Helping stroke survivors walk as normally as possible – Science Nation

Helping stroke survivors walk as normally as possible – Science Nation

Research team focuses on “locomotor learning” for lasting rehabilitation

Description: A major issue in rehabilitation robotics is that devices such as exoskeletons and treadmills correct patients’ movements only while they are using the device. Gelsy Torres-Oviedo, who has a doctorate in biomedical engineering and is the director of the Sensorimotor Learning Lab at the University of Pittsburgh, hopes to change that.

With support from the National Science Foundation (NSF), Torres-Oviedo leads a research team that uses rehabilitation robotics and motion capture cameras to study “locomotor learning.” That’s the ability of a patient with an impaired gait to adapt their walking patterns and learn new movements. This research has broad impact for public health because it aims to guide the use of technology for effective gait rehabilitation after stroke, which is the leading cause of long-term disability in the United States.

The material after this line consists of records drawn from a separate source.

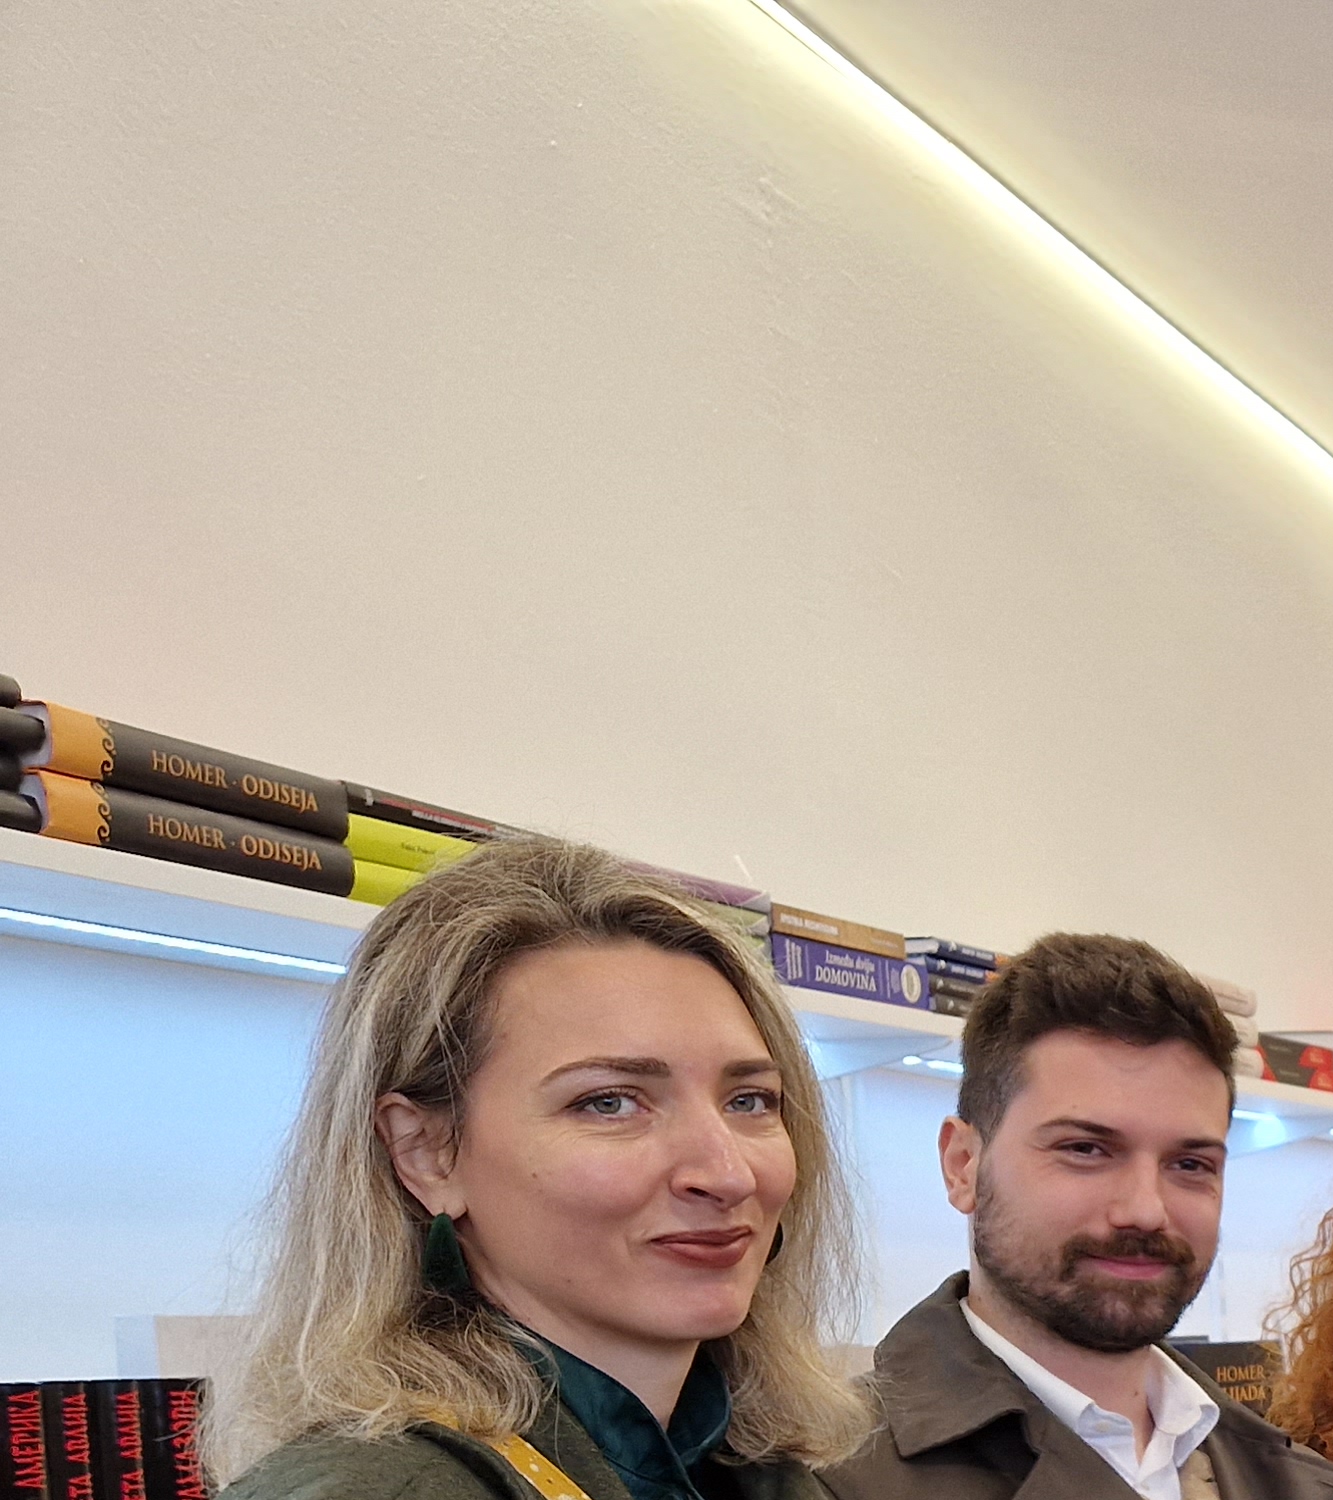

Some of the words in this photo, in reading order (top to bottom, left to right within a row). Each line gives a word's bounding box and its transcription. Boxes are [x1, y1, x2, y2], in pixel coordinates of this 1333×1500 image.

[151, 750, 228, 789] HOMER
[241, 774, 319, 813] ODISEJA
[148, 813, 226, 849] HOMER
[240, 834, 322, 871] ODISEJA
[815, 965, 877, 993] DOMOVINA
[1216, 1364, 1266, 1382] HOMER
[7, 1390, 46, 1489] АМЕРИКА
[62, 1392, 90, 1465] АВЛИЈА
[116, 1391, 142, 1460] АВЛИЈА
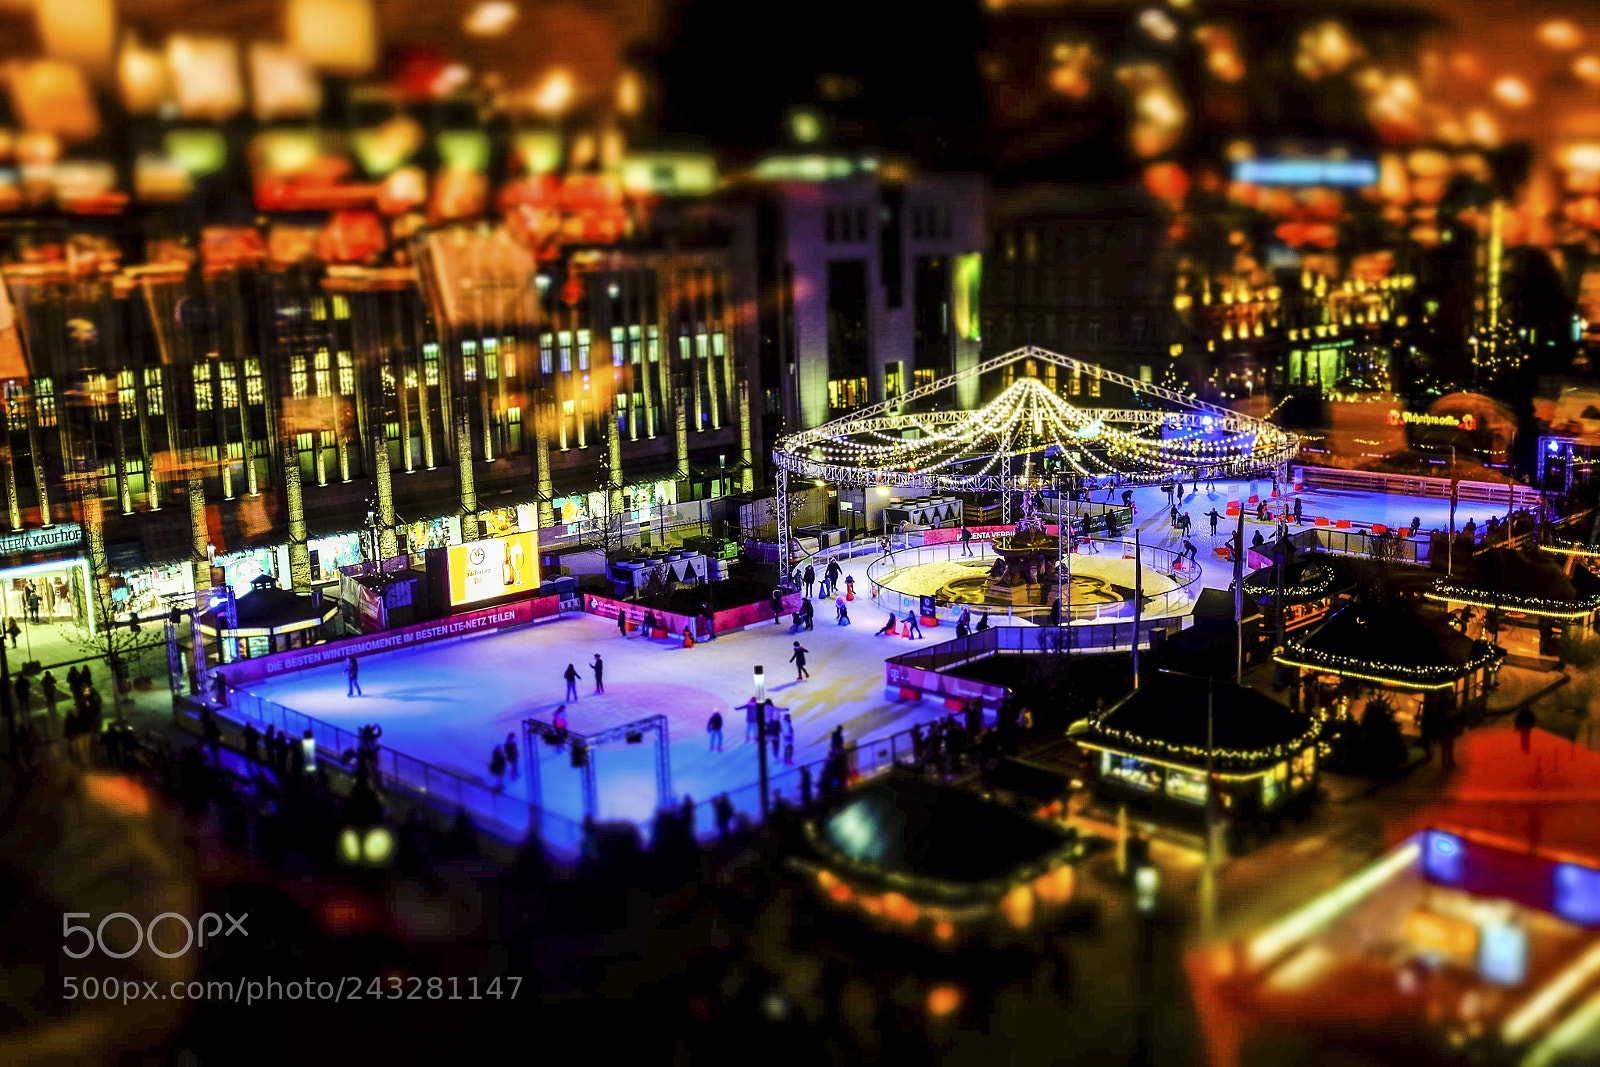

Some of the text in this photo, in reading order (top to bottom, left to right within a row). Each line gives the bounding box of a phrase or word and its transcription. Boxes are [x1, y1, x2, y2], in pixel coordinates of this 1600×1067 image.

[267, 610, 516, 673] DIE BESTEN WINTERMOMENTE IM BESTEN LTE-NETZ TEILEN
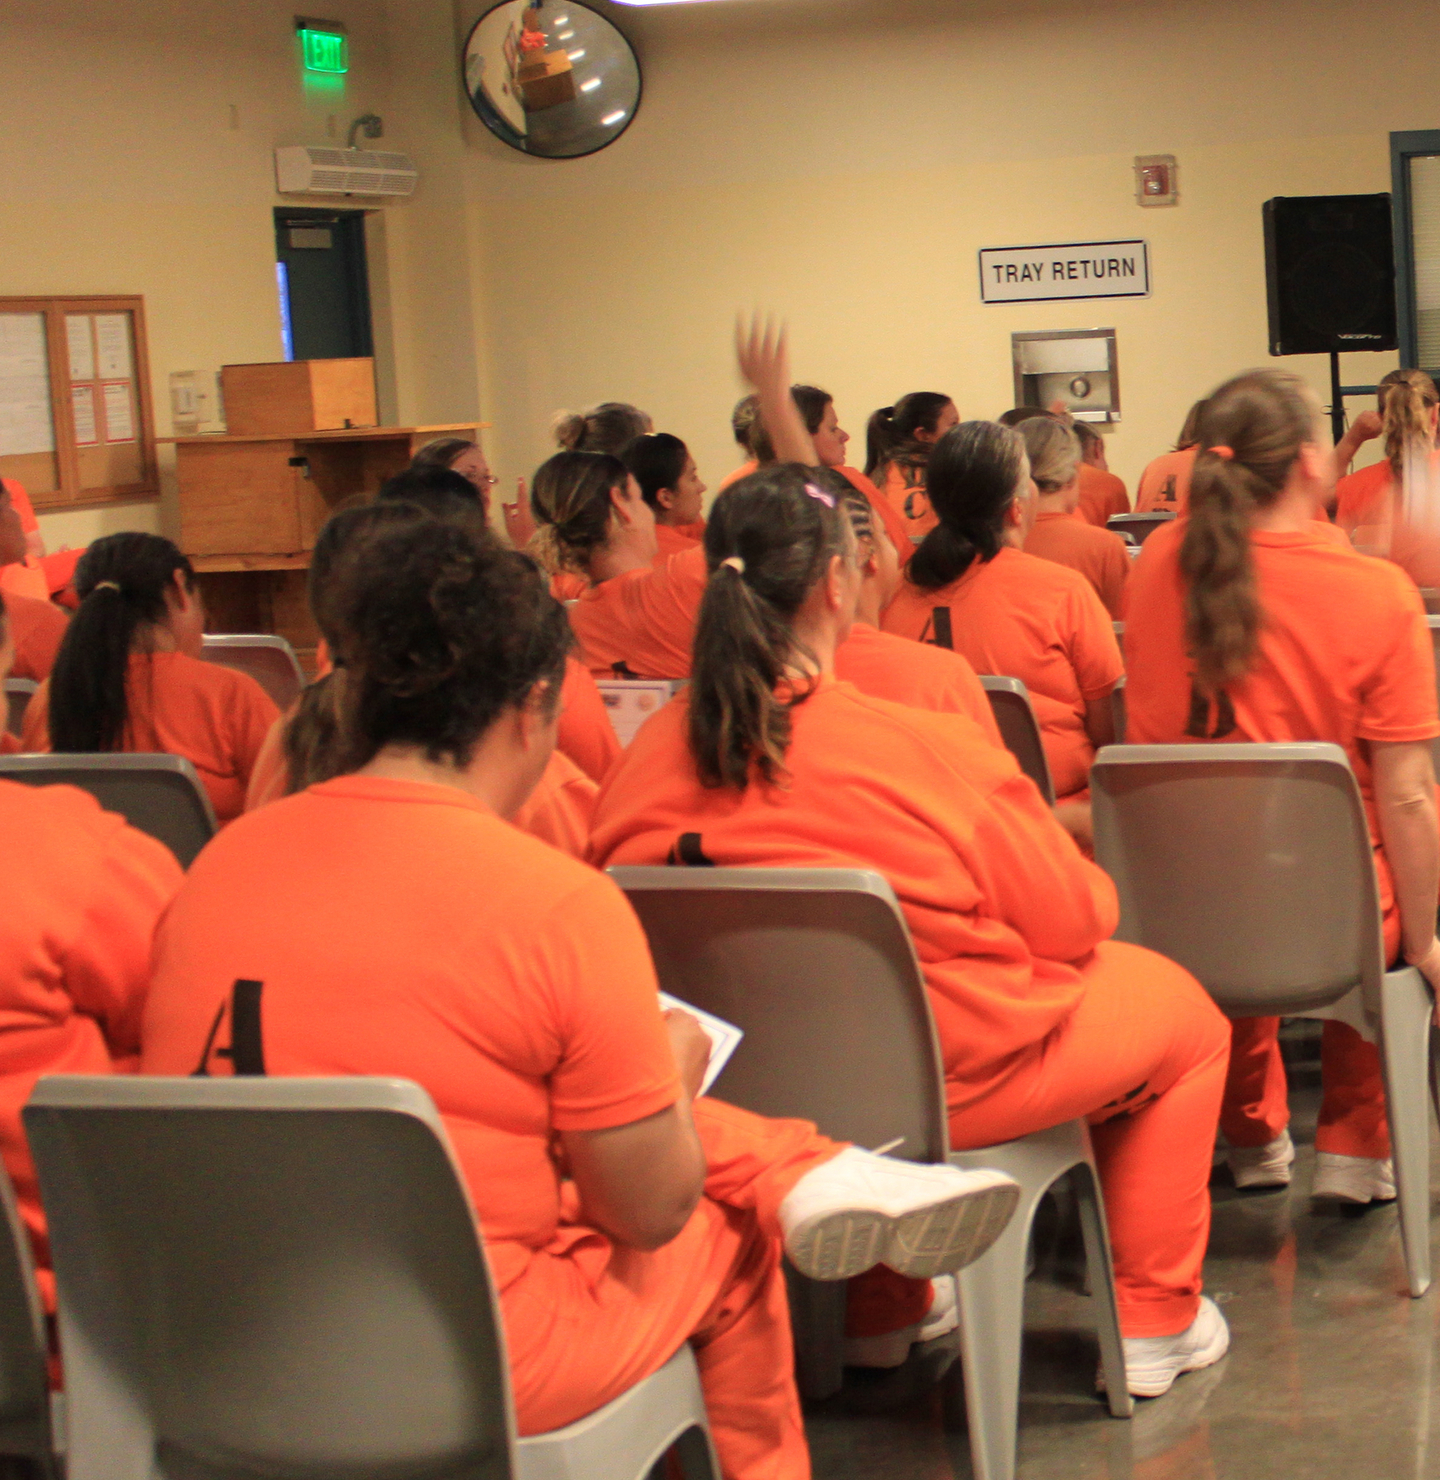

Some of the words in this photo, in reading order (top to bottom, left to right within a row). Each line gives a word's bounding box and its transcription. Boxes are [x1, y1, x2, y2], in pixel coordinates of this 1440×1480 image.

[311, 34, 342, 69] EXIT
[992, 262, 1044, 284] TRAY
[1052, 257, 1135, 281] RETURN
[189, 978, 267, 1077] A
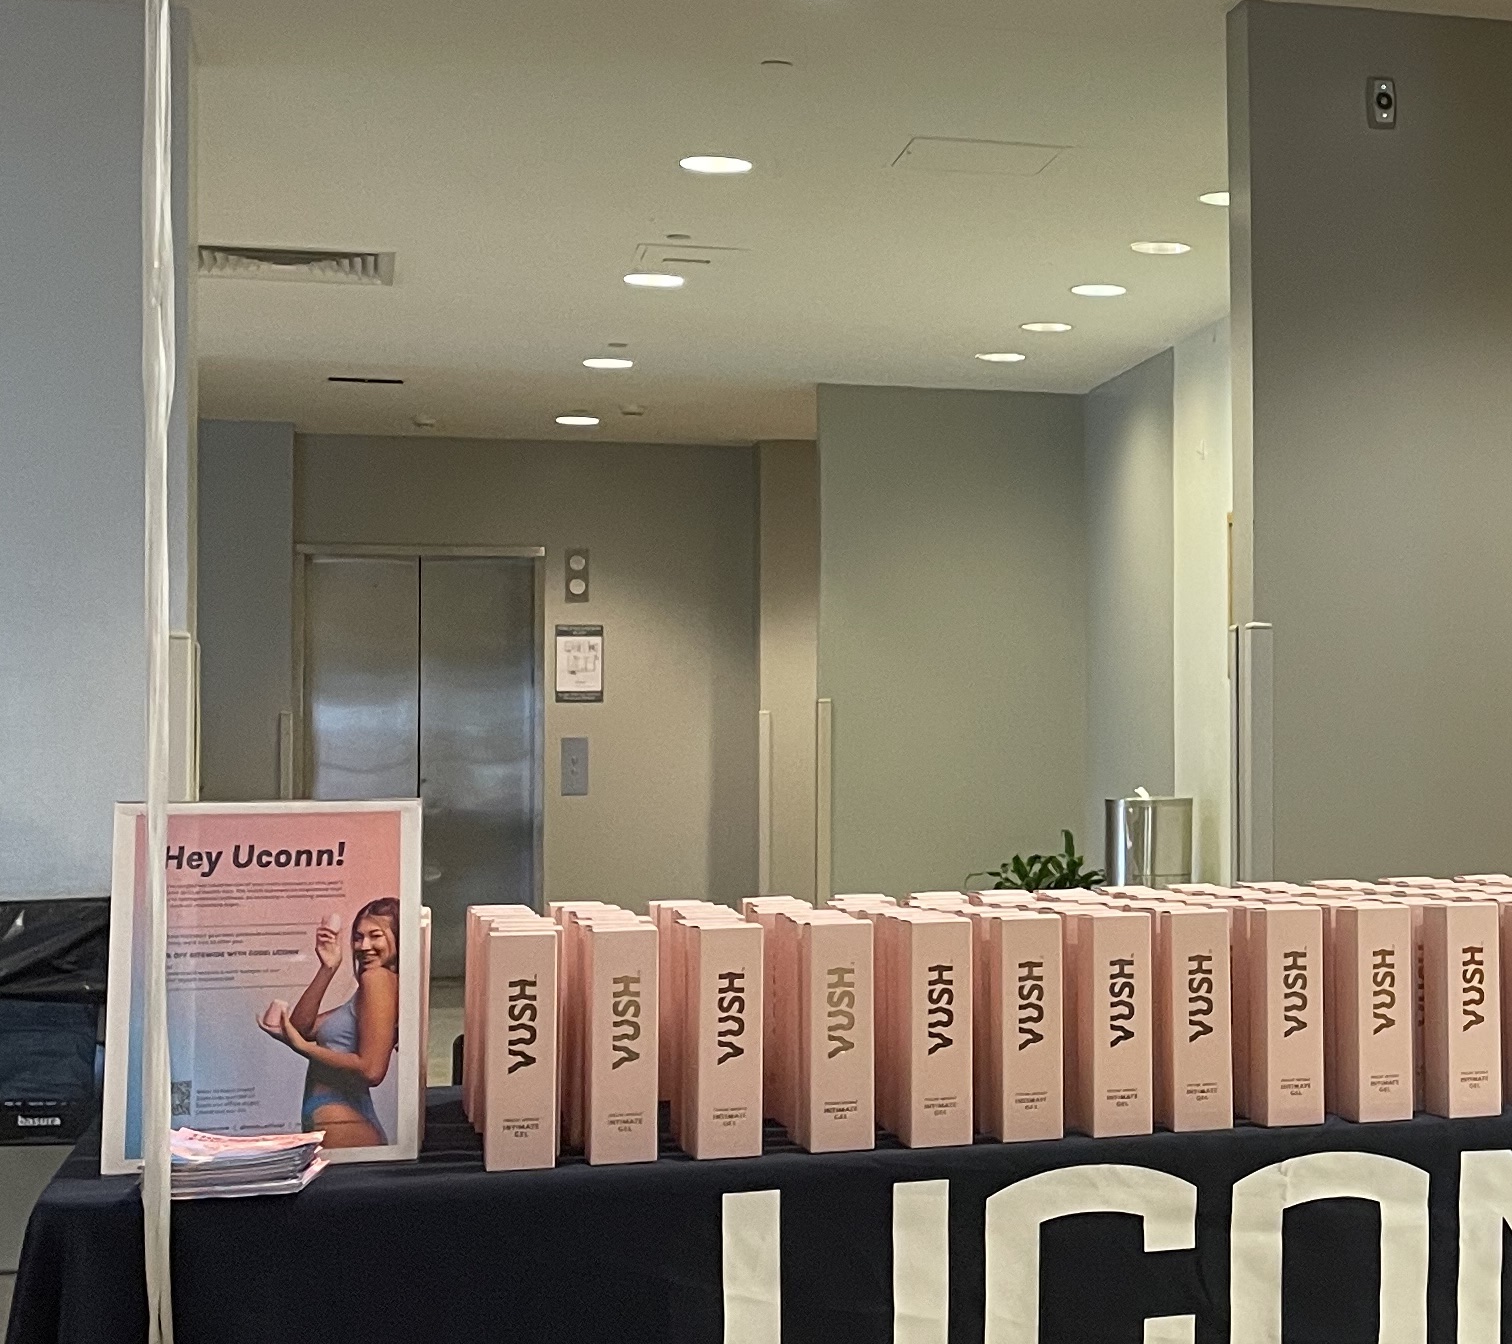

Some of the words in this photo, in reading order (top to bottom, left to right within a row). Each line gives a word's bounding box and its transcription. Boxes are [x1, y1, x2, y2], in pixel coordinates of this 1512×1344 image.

[165, 846, 223, 878] Hey
[232, 842, 346, 869] Uconn!
[507, 979, 538, 1074] VUSH
[612, 975, 641, 1070] VUSH
[717, 971, 745, 1065] VUSH
[827, 966, 856, 1059] VUSH
[927, 964, 954, 1055] VUSH
[1018, 961, 1044, 1051] VUSH
[1109, 958, 1135, 1048] VUSH
[1188, 954, 1213, 1043] VUSH
[1283, 950, 1308, 1038] VUSH
[1372, 948, 1396, 1035] VUSH
[1462, 946, 1485, 1032] VUSH
[17, 1115, 61, 1126] basura

“We’re very interested in understanding the factors that determine that specificity in learning and how we can manipulate them. We want to help patients retain what they’ve learned and carry it over to their daily living,” says Torres-Oviedo.

The ultimate goal is to use quantitative tools to characterize in a very systematic way the impairments that every stroke survivor has and tailor the intervention.

The research in this episode was supported by NSF award #1535036, the role of naturalistic movements on the generalization of locomotor learning.

NSF Grant URL:

Miles O’Brien, Science Nation Correspondent
Kate Tobin, Science Nation Producer


  1. Timothy Bucky on November 14, 2020 at 8:33 pm

    ten years ago all thought wrongly that we walked with our brain. we have a walk brain in our spine and so can train someone with dead brain in their head to walk with this other brain.

  2. John Paul on November 14, 2020 at 9:11 pm

    I want to try this! I had a stroke in 2017, I wear an AFO & use a quad cane every time I walk

  3. Indra on November 14, 2020 at 9:12 pm

    the gait can be corrected by hand, I have help a few thousand people with this both here ande in India

  4. Angelica Cline on November 14, 2020 at 9:22 pm

    None of the rehabs I have been too, and I’ve been too many do not even offer you the treadmill at all. Let alone one that has split capacity. This is misleading two stroke patients trying to recover that this is going to somehow be available to them. Don’t get me wrong I think it’s cool that they’re doing a case study. Anything that they studied to hopefully advance in the knowledge and understanding of TBI and Recovery is great. However there are many of us they’re looking for reasonable assistance now.

  5. Junie Moon Uy on November 14, 2020 at 9:28 pm

    I’m in the philippines can I have this kind of rehab how??